Zero-Copy GPU Inference from WebAssembly on Apple Silicon
6 hours ago
- #Apple Silicon
- #GPU Acceleration
- #WebAssembly
- Apple Silicon's Unified Memory Architecture enables zero-copy data sharing between WebAssembly (Wasm) linear memory and the GPU, eliminating serialization and buffer overhead.
- A three-link chain demonstrates this: using mmap for page-aligned memory, Metal's MTLDevice.makeBuffer for zero-copy GPU access, and Wasmtime's MemoryCreator trait to integrate custom memory allocation.
- Testing with a 128x128 matrix multiply shows correct results, no memory overhead (RSS delta ~0.03 MB vs. 16.78 MB for copy path), and identical compute latency, confirming efficient data sharing.
- Applied to AI inference, this allows running models like Llama 3.2 1B from a Wasm actor with negligible host function boundary costs, enabling fast prefill and per-token generation.

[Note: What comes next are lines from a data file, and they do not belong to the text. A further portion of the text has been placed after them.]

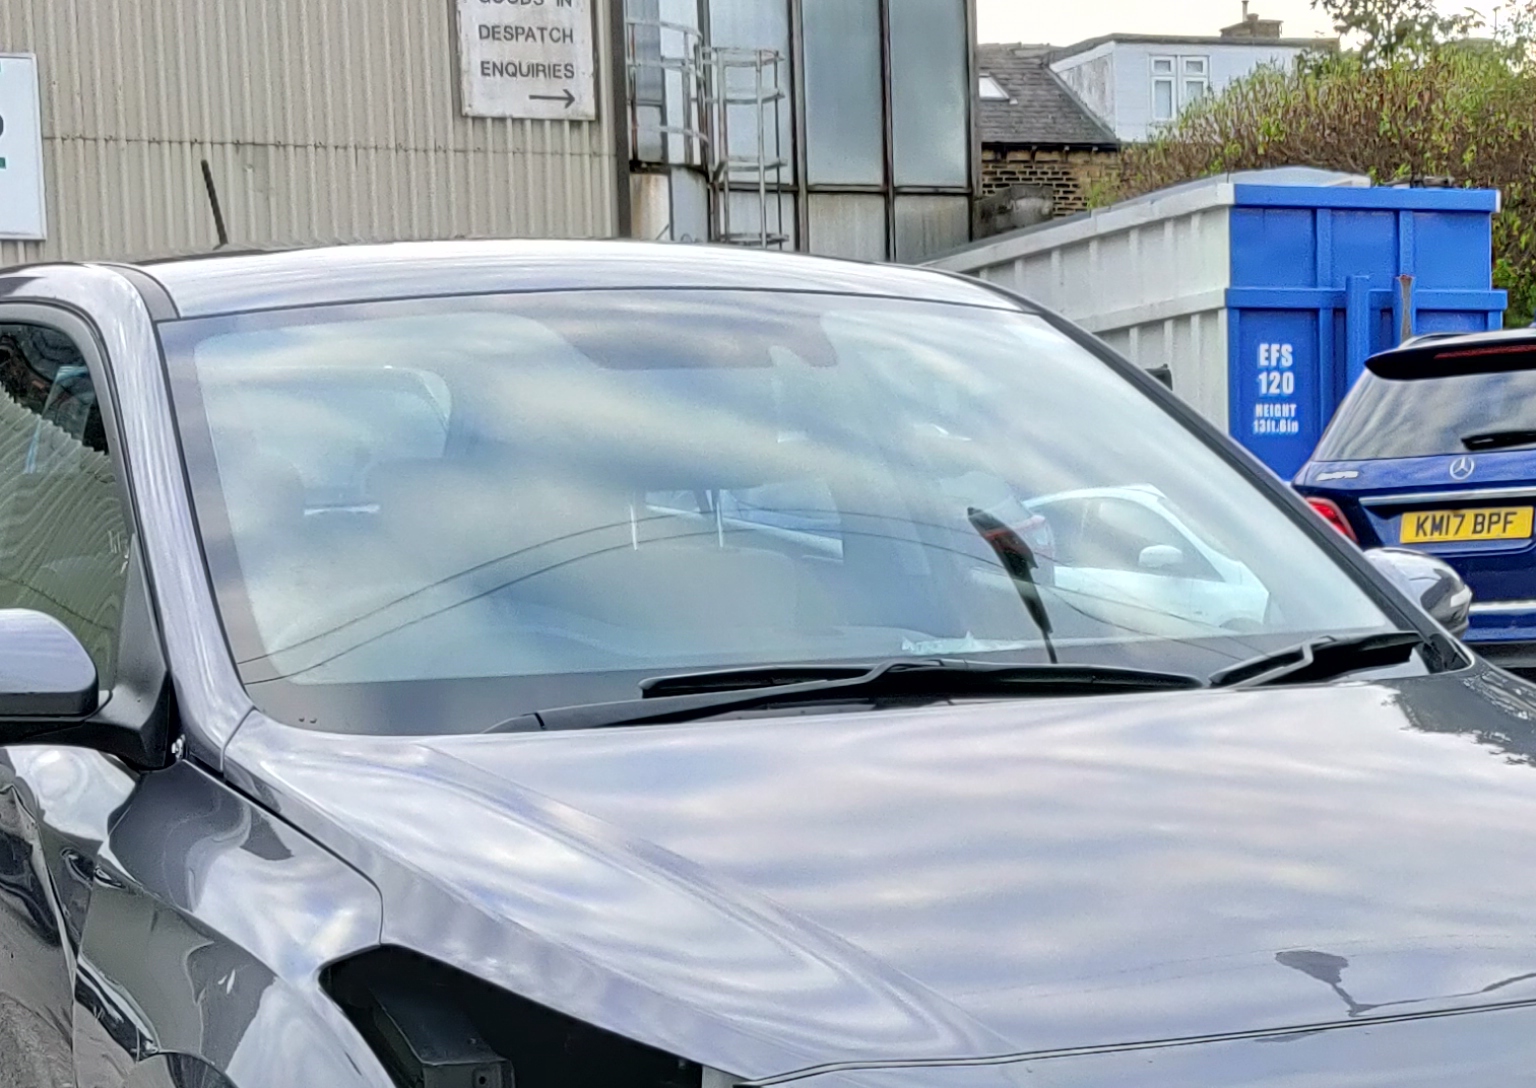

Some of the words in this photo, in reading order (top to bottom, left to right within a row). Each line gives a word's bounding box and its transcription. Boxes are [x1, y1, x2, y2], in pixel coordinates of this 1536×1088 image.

[478, 24, 574, 43] DESPATCH
[479, 61, 575, 80] ENQUIRIES
[1258, 343, 1293, 368] EFS
[1258, 370, 1294, 395] 120
[1255, 403, 1297, 418] HEIGHT
[1415, 513, 1466, 538] KM17
[1471, 511, 1518, 535] BPF

- The portable KV cache can be serialized and restored, offering significant speedups (e.g., 5.45x faster at 24 tokens) and enabling stateful actor mobility across machines or model swaps.
- Driftwood is being built as a runtime for stateful Wasm actors with GPU inference, focusing on actor snapshots, checkpoint portability, and multi-model support, though it's still in early development.